Corpo foi recebido por filhos e conhecidos da ialorixá, filha mais nova de Mãe Menininha do Gantois

  • Foto do(a) author(a) Millena Marques
  • Millena Marques

Publicado em 26 de dezembro de 2025 às 15:34

Mãe Carmen do Gantois
Mãe Carmen do Gantois Crédito: Divulgação

No Candomblé, a morte não é um fim, mas um retorno natural para o plano espiritual, chamado de Orun, o reino dos Orixás. Na madrugada desta sexta-feira (26), uma das figuras mais emblemáticas da religião na Bahia realizou essa passagem. Aos 98 anos, Carmen Oliveira da Silva, conhecida como Mãe Carmen do Gantois ou Mãe Carmen de Oxaguian, morreu após cerca de duas semanas internada no Hospital Português, em Salvador, onde estava sendo tratada de uma forte gripe.

Filha mais nova da lendária Mãe Menininha do Gantois, uma das mais importantes ialorixás da história do Candomblé, Mãe Carmen dedicou toda a sua vida à fé, ao culto aos Orixás e à preservação das tradições religiosas afro-brasileiras. Nascida em Salvador, em 29 de dezembro de 1928, ela foi iniciada no Candomblé ainda na infância, aos sete anos, para o culto de Oxalá, o Orixá de sua cabeça.
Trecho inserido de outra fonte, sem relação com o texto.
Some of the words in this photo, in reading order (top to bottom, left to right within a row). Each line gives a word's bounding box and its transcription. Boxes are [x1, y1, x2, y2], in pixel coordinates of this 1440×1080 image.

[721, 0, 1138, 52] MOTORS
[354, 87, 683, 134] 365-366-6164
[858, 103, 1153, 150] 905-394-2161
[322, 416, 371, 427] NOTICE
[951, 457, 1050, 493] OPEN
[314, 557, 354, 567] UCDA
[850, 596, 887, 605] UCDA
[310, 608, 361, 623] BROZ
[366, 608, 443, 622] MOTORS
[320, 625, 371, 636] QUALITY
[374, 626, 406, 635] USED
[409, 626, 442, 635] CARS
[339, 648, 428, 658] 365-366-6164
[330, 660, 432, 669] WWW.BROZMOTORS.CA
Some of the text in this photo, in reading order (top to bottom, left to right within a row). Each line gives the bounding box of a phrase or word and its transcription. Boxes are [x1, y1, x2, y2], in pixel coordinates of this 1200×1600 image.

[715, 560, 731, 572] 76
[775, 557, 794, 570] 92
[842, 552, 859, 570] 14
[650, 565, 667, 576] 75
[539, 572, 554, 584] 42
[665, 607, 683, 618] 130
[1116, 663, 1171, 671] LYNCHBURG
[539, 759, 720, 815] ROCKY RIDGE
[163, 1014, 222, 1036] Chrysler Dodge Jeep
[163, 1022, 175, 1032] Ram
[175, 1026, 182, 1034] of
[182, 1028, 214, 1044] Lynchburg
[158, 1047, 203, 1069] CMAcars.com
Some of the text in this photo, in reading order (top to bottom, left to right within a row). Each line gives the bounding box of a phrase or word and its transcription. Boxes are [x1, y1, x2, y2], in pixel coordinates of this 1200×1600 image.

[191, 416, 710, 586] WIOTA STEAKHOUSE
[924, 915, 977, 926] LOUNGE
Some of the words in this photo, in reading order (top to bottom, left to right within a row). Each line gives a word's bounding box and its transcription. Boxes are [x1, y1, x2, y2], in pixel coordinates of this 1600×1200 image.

Mãe Carmen morre justamente em uma sexta-feira, dia dedicado à entidade na Bahia.

No início da manhã, filhos do Ilê Ìyá Omi Àse Ìyámase, conhecido como Terreiro do Gantois, localizado na Federação, e membros da comunidade aguardavam o corpo de Mãe Carmen no local, que era comandado pela ialorixá desde 2002. O silêncio e a tristeza marcaram a despedida da líder espiritual, que era conhecida pelo trabalho religioso, social e cultural em Salvador. O público só falou com a imprensa após a chegada do corpo, por volta das 11h. Antes disso, uma cerimônia reservada foi realizada dentro do espaço.

Nascido e criado na rua onde o terreiro fica, que leva o nome de Mãe Menininha do Gantois, o aposentado Aristóteles Coelho, de 68 anos, conta o impacto da presença de Mãe Carmen no bairro. “Ela (Mãe Carmen) me ensinou a viver. Hoje eu sou mais calmo, paciente, por causa dela. Antes, eu era muito nervoso, bolo doido, como dizem os meninos”, conta.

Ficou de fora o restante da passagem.